TERAS7.COM – Pemerintah Kota Banjarbaru mendesak PT PLN (Persero) agar segera mempercepat pemulihan sistem kelistrikan sekaligus menekan durasi pemadaman bergilir yang telah mengganggu aktivitas masyarakat, pelayanan publik, dunia pendidikan, hingga pelaku usaha mikro, kecil, dan menengah (UMKM).
Desakan tersebut disampaikan Wali Kota Banjarbaru, Hj Erna Lisa Halaby saat melakukan komunikasi intensif dengan Manager PLN UP3 Banjarmasin, Yanuar, pada Minggu (26/07/2026), menyusul krisis kelistrikan yang melanda wilayah Kalimantan Selatan dan Kalimantan Tengah.
Lisa mengatakan pemerintah daerah memahami adanya kendala teknis yang sedang ditangani PLN. Namun, menurutnya masyarakat juga berhak memperoleh kepastian informasi terkait jadwal pemadaman agar dapat menyesuaikan aktivitas sehari-hari.
“Yang paling esensial saat ini adalah kepastian informasi. Jika memang pemadaman bergilir tidak terhindarkan, kami minta durasinya ditekan seminimal mungkin. Masyarakat butuh jadwal yang jelas agar bisa mengantisipasi dan mempersiapkan aktivitas harian mereka dengan baik,” tegasnya.
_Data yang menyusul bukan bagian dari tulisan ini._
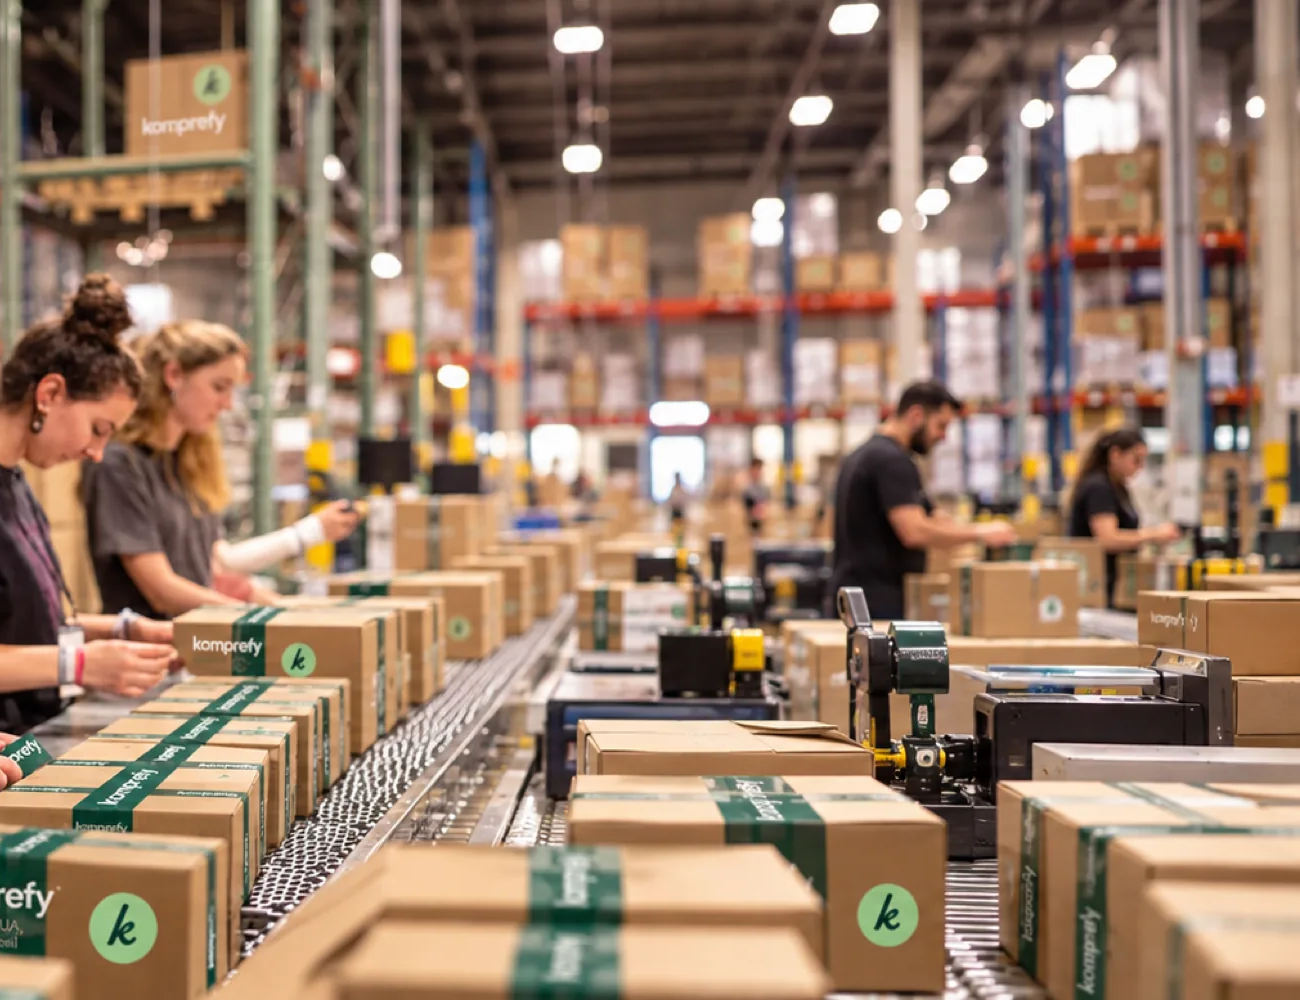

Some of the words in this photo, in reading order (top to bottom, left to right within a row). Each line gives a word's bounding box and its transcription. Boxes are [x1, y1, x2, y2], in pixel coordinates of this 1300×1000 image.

[192, 636, 263, 657] komprefy
[290, 648, 306, 671] k
[107, 903, 137, 946] k
[873, 892, 901, 931] k
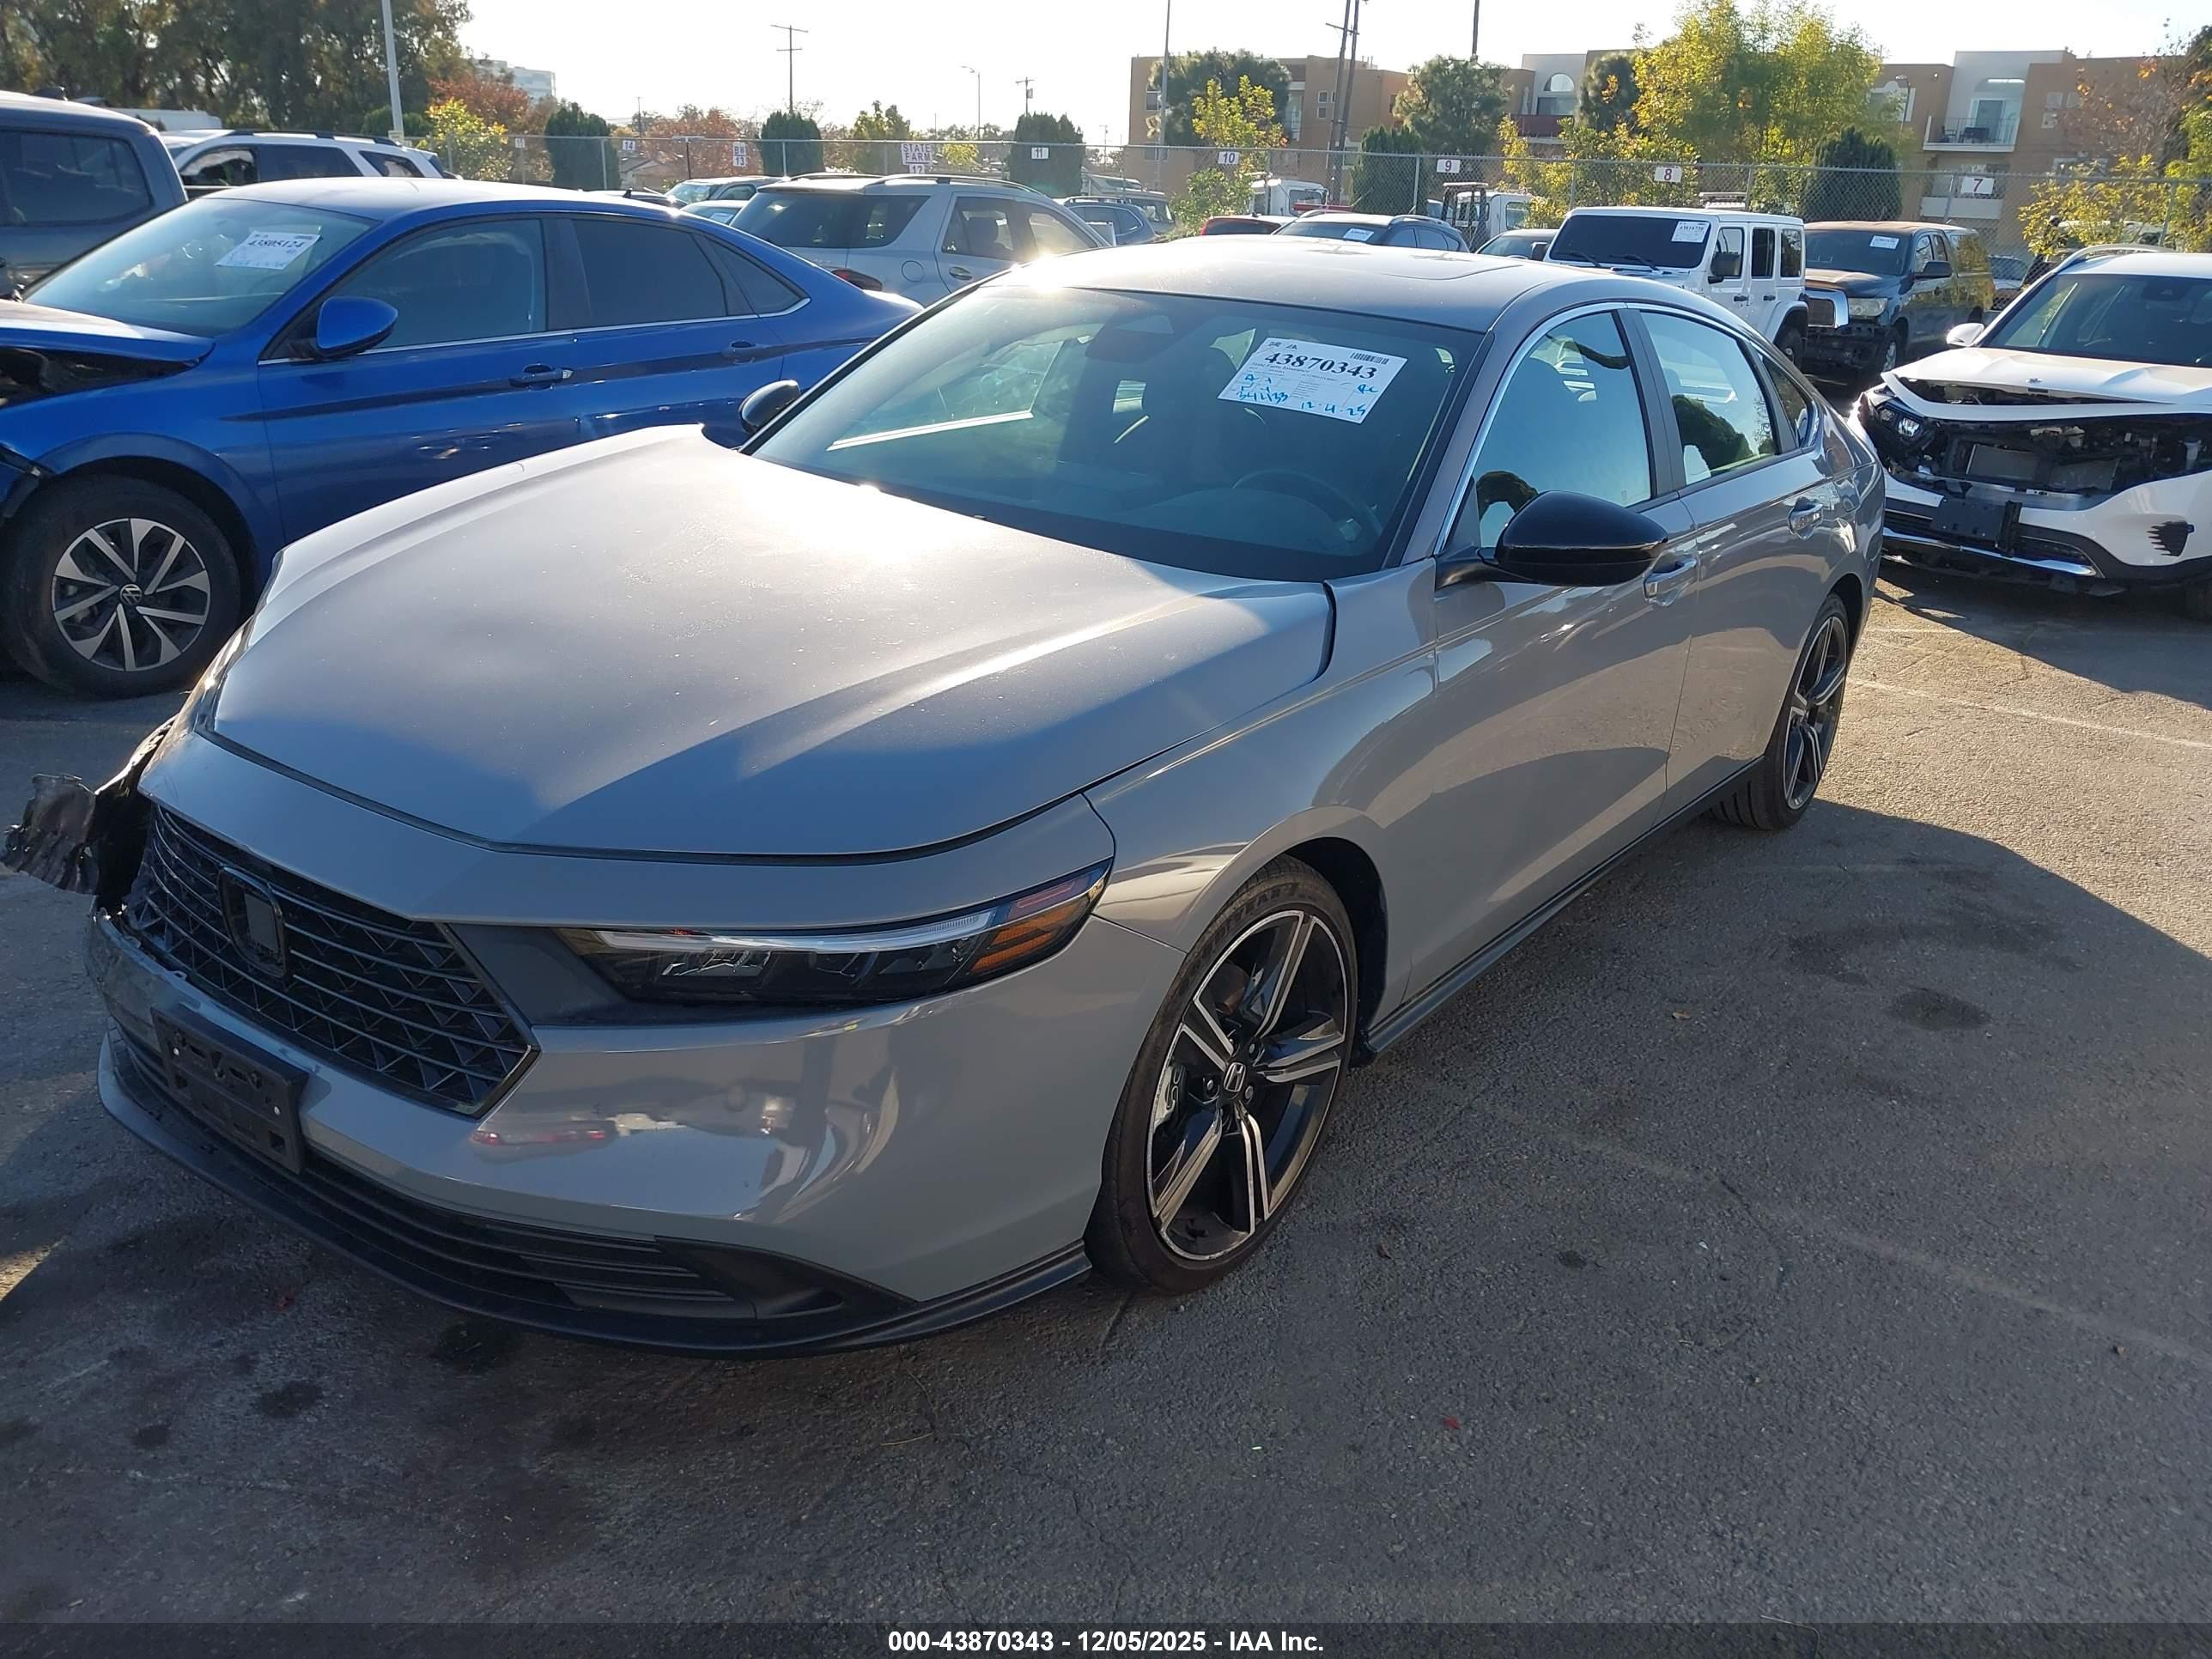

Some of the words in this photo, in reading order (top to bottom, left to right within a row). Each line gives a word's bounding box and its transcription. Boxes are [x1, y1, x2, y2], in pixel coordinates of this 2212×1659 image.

[902, 143, 931, 153] STATE
[1035, 148, 1043, 159] 11
[736, 156, 744, 165] 13
[905, 152, 931, 161] FARM
[1223, 152, 1236, 163] 10
[913, 165, 922, 173] 12
[1444, 160, 1452, 172] 9
[1663, 167, 1673, 180] 8
[1973, 178, 1984, 192] 7
[1264, 353, 1378, 380] 43870343
Menurut Lisa, pemadaman yang berlangsung antara lima hingga enam jam per hari pada rentang pukul 07.00 hingga 23.00 Wita telah memberikan dampak signifikan terhadap berbagai sektor. Selain mengganggu kenyamanan rumah tangga, kondisi tersebut juga menghambat proses belajar mengajar, pelayanan publik, serta aktivitas pelaku UMKM yang bergantung pada pasokan listrik.
Karena itu, Pemerintah Kota Banjarbaru meminta PLN bergerak cepat mempercepat proses normalisasi sistem kelistrikan agar roda perekonomian dan pelayanan kepada masyarakat dapat kembali berjalan optimal.
Menanggapi hal tersebut, Manager PLN UP3 Banjarmasin, Yanuar, menyampaikan apresiasi atas perhatian Pemerintah Kota Banjarbaru terhadap kondisi yang terjadi. Ia memastikan masukan dari Wali Kota akan menjadi perhatian dalam upaya percepatan penanganan gangguan kelistrikan.
“Kami berterima kasih atas masukan dari Ibu Wali Kota. Aspirasi ini segera kami teruskan ke jajaran terkait guna mempercepat penanganan dan mengoptimalkan sistem kelistrikan yang tengah terganggu,” ujarnya.
Diketahui, pemadaman bergilir terjadi akibat gangguan pada sistem interkoneksi kelistrikan Kalimantan Selatan dan Kalimantan Tengah. Kondisi tersebut menjadi gangguan kedua dalam kurun waktu kurang dari satu bulan setelah sebelumnya suplai listrik sempat terganggu akibat kerusakan PLTUG Bangkanai di Kabupaten Barito Utara.
Pemerintah Kota Banjarbaru menegaskan akan terus mengawal perkembangan penanganan gangguan kelistrikan tersebut serta mendorong percepatan pemulihan pasokan listrik demi menjaga kenyamanan masyarakat dan keberlangsungan aktivitas ekonomi di Kota Banjarbaru.